Print all entries below exactly, without images.

Referring expression grounding data
--------------------------------------------------
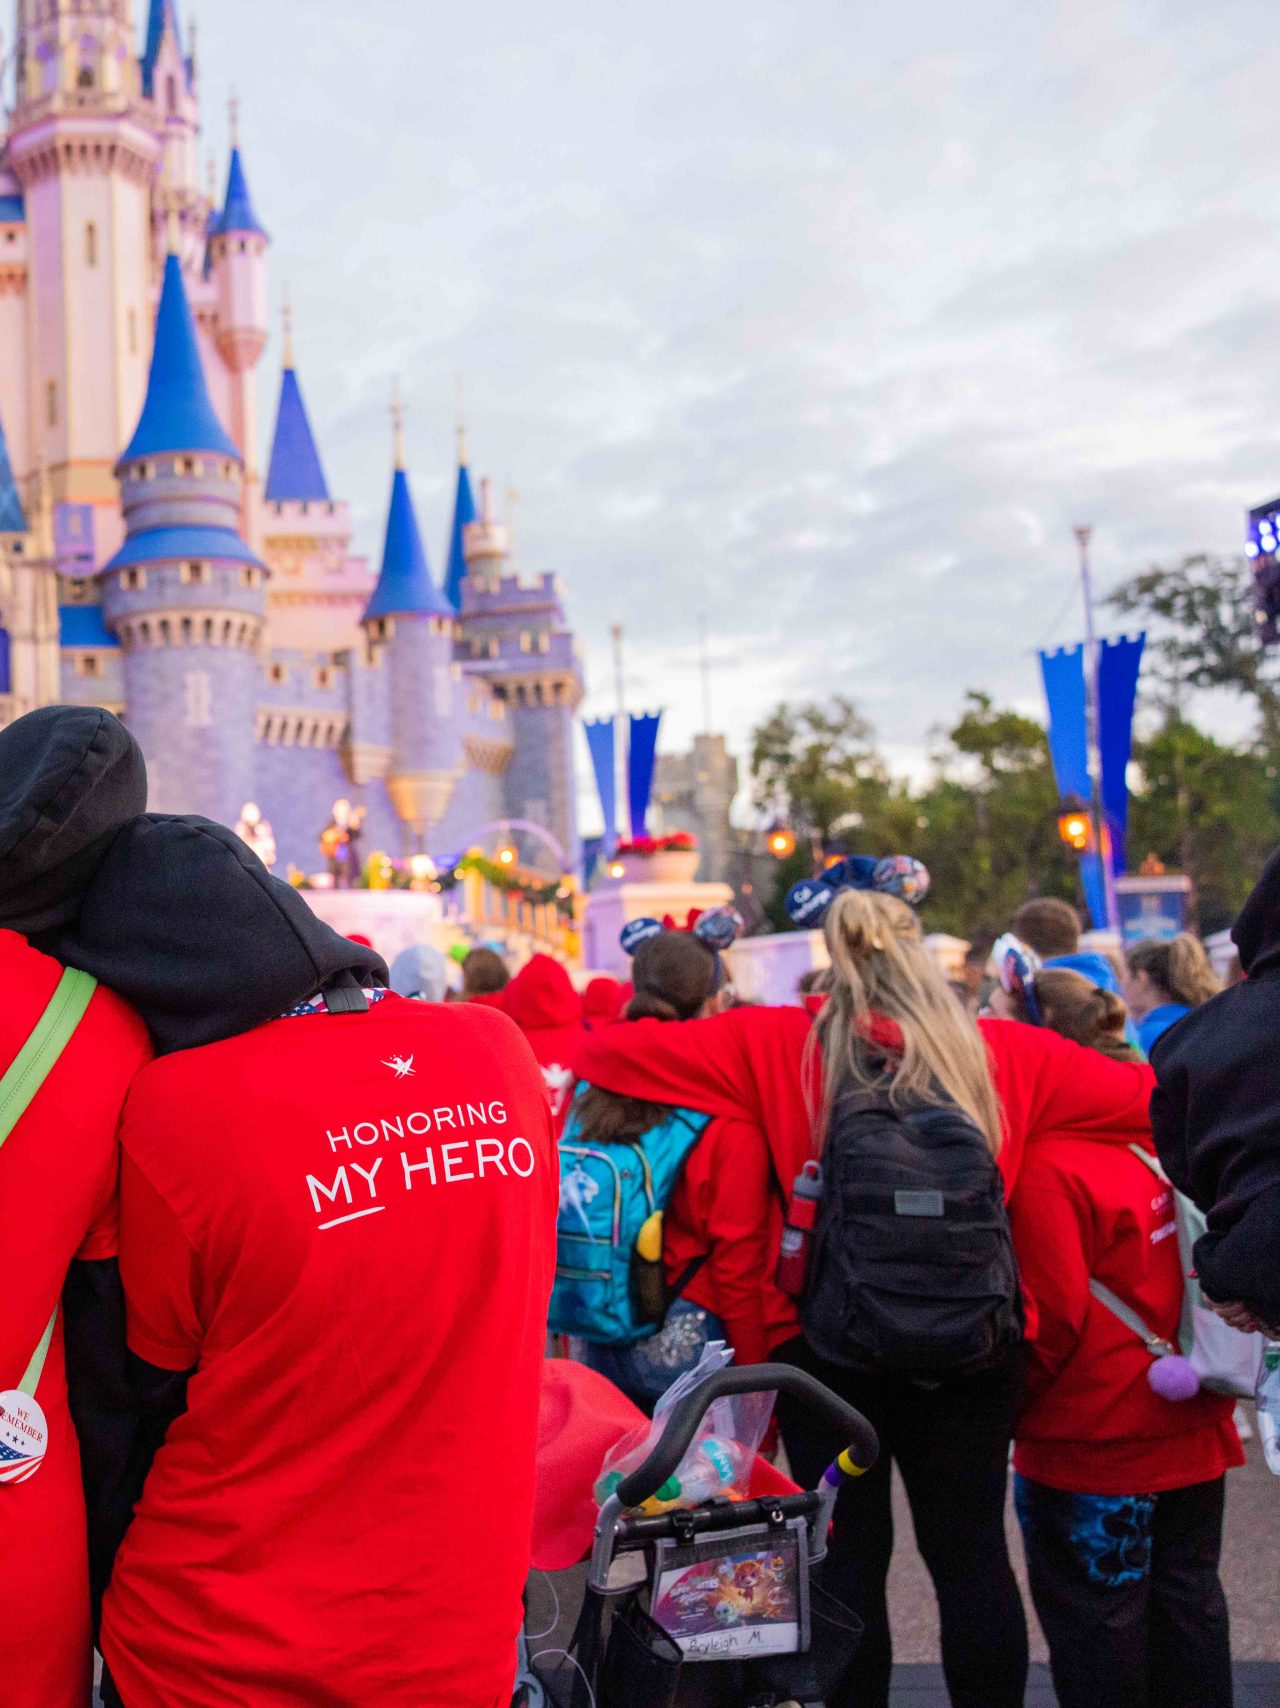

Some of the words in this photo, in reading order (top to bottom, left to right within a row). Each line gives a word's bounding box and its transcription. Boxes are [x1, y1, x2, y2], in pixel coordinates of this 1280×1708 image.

[326, 1100, 508, 1153] HONORING
[305, 1156, 384, 1213] MY
[400, 1137, 535, 1191] HERO
[1, 1412, 43, 1444] EMEMBER
[17, 1407, 30, 1421] WE
[747, 1630, 763, 1645] M
--------------------------------------------------
Task result:
Some of the words in this photo, in reading order (top to bottom, left to right within a row). Each line gives a word's bounding box and its transcription. Boxes are [x1, y1, x2, y2], in pixel coordinates of this 1280×1708 image.

[326, 1100, 508, 1153] HONORING
[305, 1156, 384, 1213] MY
[400, 1137, 535, 1191] HERO
[1, 1412, 43, 1444] EMEMBER
[17, 1407, 30, 1421] WE
[747, 1630, 763, 1645] M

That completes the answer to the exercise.